» YOUR ASSIGNMENT:
Include only the line with "this 1281×1280 image." and the lines after it, each reproduced exactly as it stands in the entries below.

Free-text object descriptions

..............................

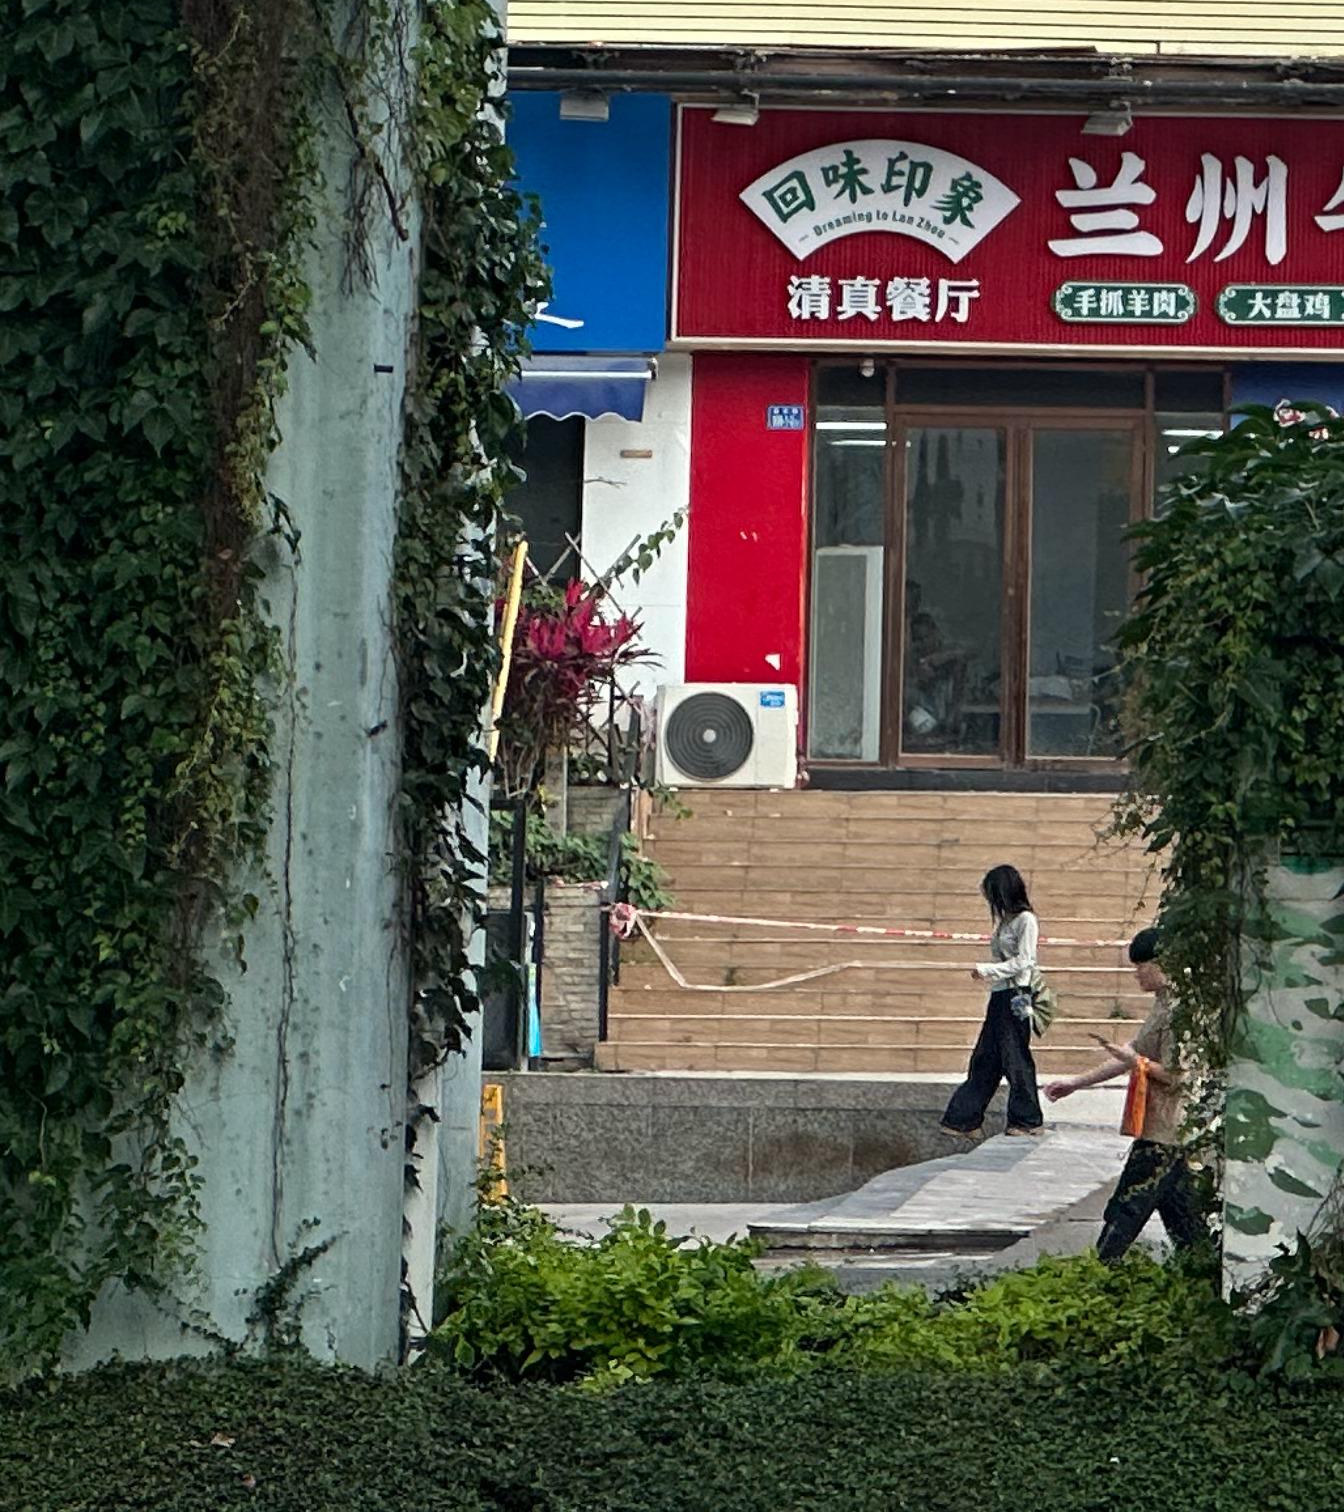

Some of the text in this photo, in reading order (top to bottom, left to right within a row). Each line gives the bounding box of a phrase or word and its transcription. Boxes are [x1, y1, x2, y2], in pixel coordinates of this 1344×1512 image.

[760, 148, 985, 229] 回味印象
[812, 208, 946, 240] Dreaming to Lan Zhou
[786, 274, 982, 323] 清真餐厅
[1073, 287, 1180, 318] 手抓羊肉
[1246, 291, 1332, 320] 大盘鸡
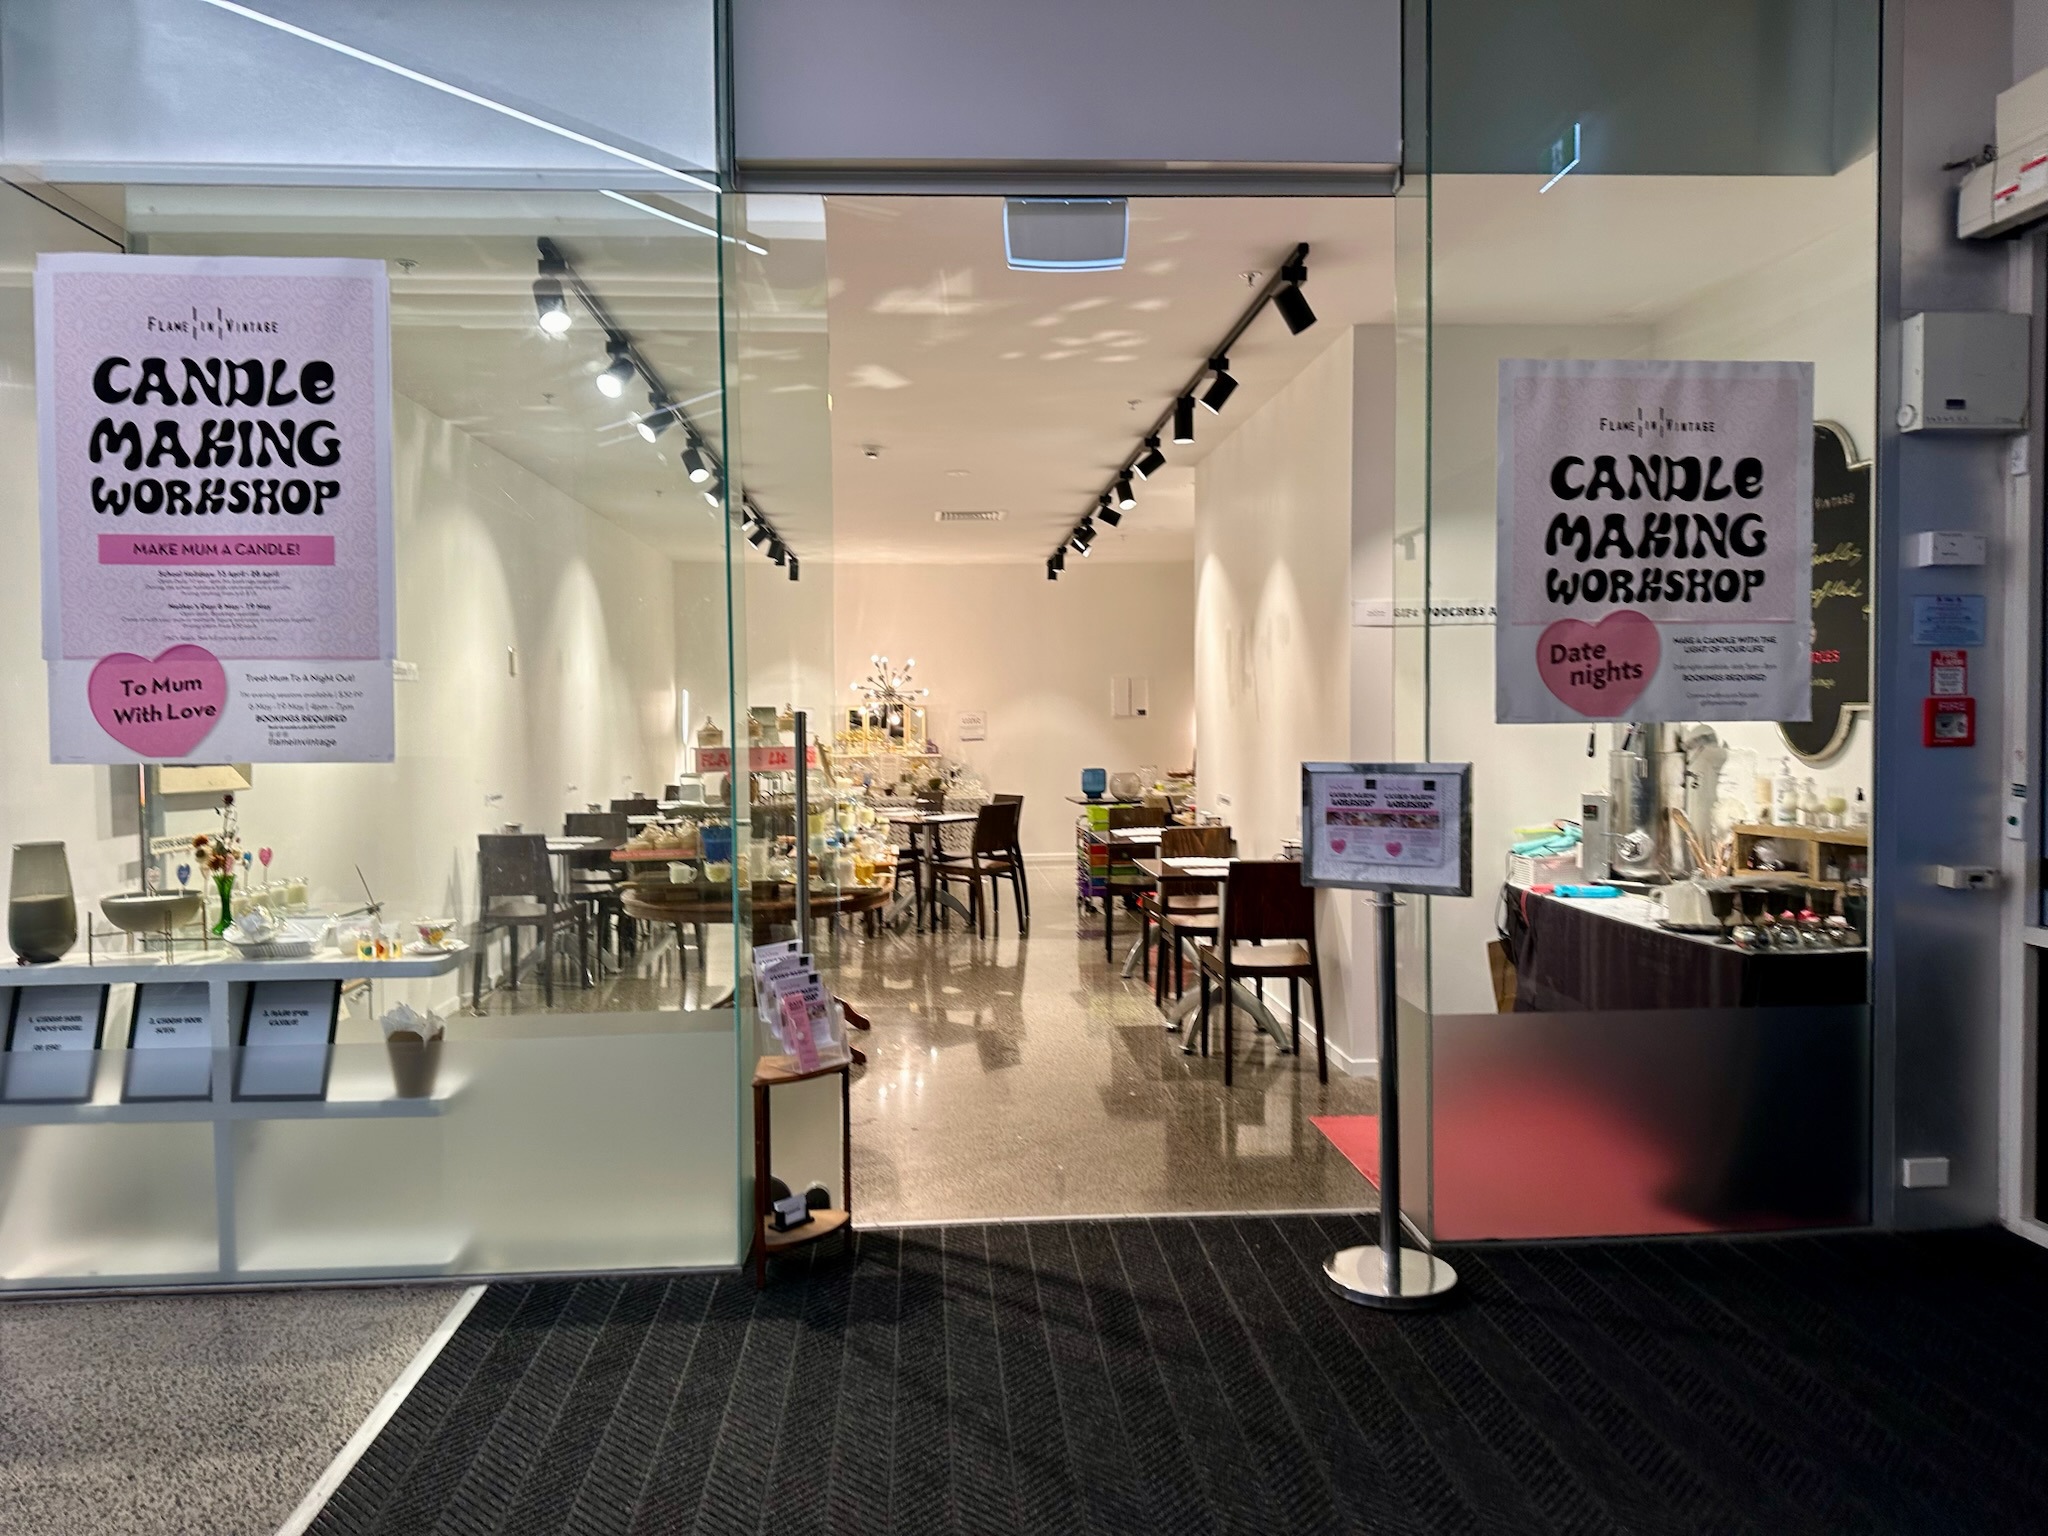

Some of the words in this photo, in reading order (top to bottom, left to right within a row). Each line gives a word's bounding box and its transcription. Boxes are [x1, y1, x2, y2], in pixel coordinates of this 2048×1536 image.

[147, 315, 189, 333] FLAME
[225, 320, 279, 335] VINTAGE
[89, 416, 343, 471] MAKING
[91, 476, 341, 517] WORKSHOP
[1545, 511, 1768, 563] MAKING
[132, 542, 178, 556] MAKE
[181, 542, 219, 556] MUM
[221, 543, 233, 556] A
[234, 542, 301, 557] CANDLE!
[1545, 567, 1766, 605] WORKSHOP
[1550, 641, 1606, 665] Date
[245, 673, 268, 682] Treat
[290, 673, 302, 682] To
[310, 673, 334, 684] Night
[1569, 660, 1644, 690] nights
[119, 679, 147, 698] To
[151, 677, 203, 694] Mum
[113, 703, 164, 725] With
[166, 702, 218, 721] Love
[255, 714, 301, 723] BOOKINGS
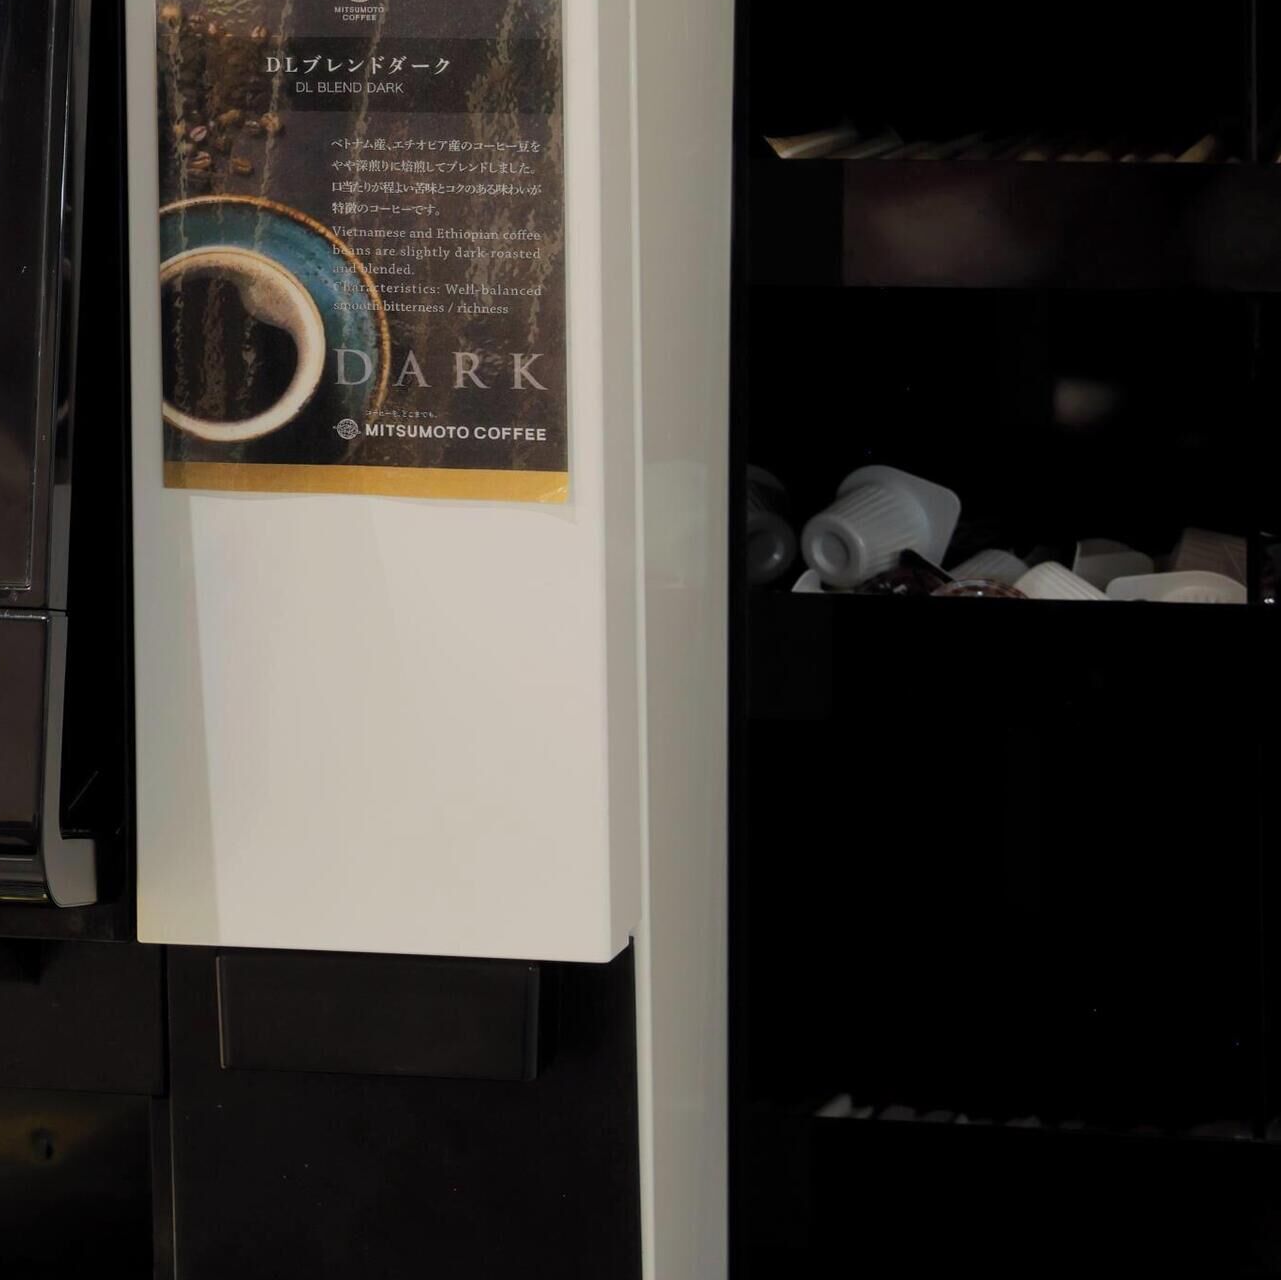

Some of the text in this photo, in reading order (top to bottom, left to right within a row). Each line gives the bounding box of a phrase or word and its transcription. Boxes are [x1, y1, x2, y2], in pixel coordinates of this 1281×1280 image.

[266, 55, 450, 75] DLブレンドダーク
[296, 82, 403, 93] DL BLEND DARK
[331, 139, 540, 153] ベトナム産、エチオピア産のコーヒー豆を
[331, 160, 536, 174] やや深煎りに焙煎してブレンドしました。
[332, 182, 542, 196] 口当たりが程よい苦味とコクのある味わいが
[332, 202, 440, 216] 特徴のコーヒーです。
[333, 226, 541, 241] Vietnamese and Ethiopian coffee
[333, 246, 540, 260] beans are slightly dark-roasted
[333, 264, 414, 275] and blended.
[334, 282, 542, 295] Characteristics: Well-balanced
[334, 301, 380, 311] smooth
[384, 301, 444, 313] bitterness
[457, 303, 508, 314] richness
[334, 348, 548, 390] DARK
[366, 425, 546, 440] MITSUMOTO COFFEE

..............................

» RESPONSE FOR THIS EXERCISE:
Some of the text in this photo, in reading order (top to bottom, left to right within a row). Each line gives the bounding box of a phrase or word and its transcription. Boxes are [x1, y1, x2, y2], in pixel coordinates of this 1281×1280 image.

[266, 55, 450, 75] DLブレンドダーク
[296, 82, 403, 93] DL BLEND DARK
[331, 139, 540, 153] ベトナム産、エチオピア産のコーヒー豆を
[331, 160, 536, 174] やや深煎りに焙煎してブレンドしました。
[332, 182, 542, 196] 口当たりが程よい苦味とコクのある味わいが
[332, 202, 440, 216] 特徴のコーヒーです。
[333, 226, 541, 241] Vietnamese and Ethiopian coffee
[333, 246, 540, 260] beans are slightly dark-roasted
[333, 264, 414, 275] and blended.
[334, 282, 542, 295] Characteristics: Well-balanced
[334, 301, 380, 311] smooth
[384, 301, 444, 313] bitterness
[457, 303, 508, 314] richness
[334, 348, 548, 390] DARK
[366, 425, 546, 440] MITSUMOTO COFFEE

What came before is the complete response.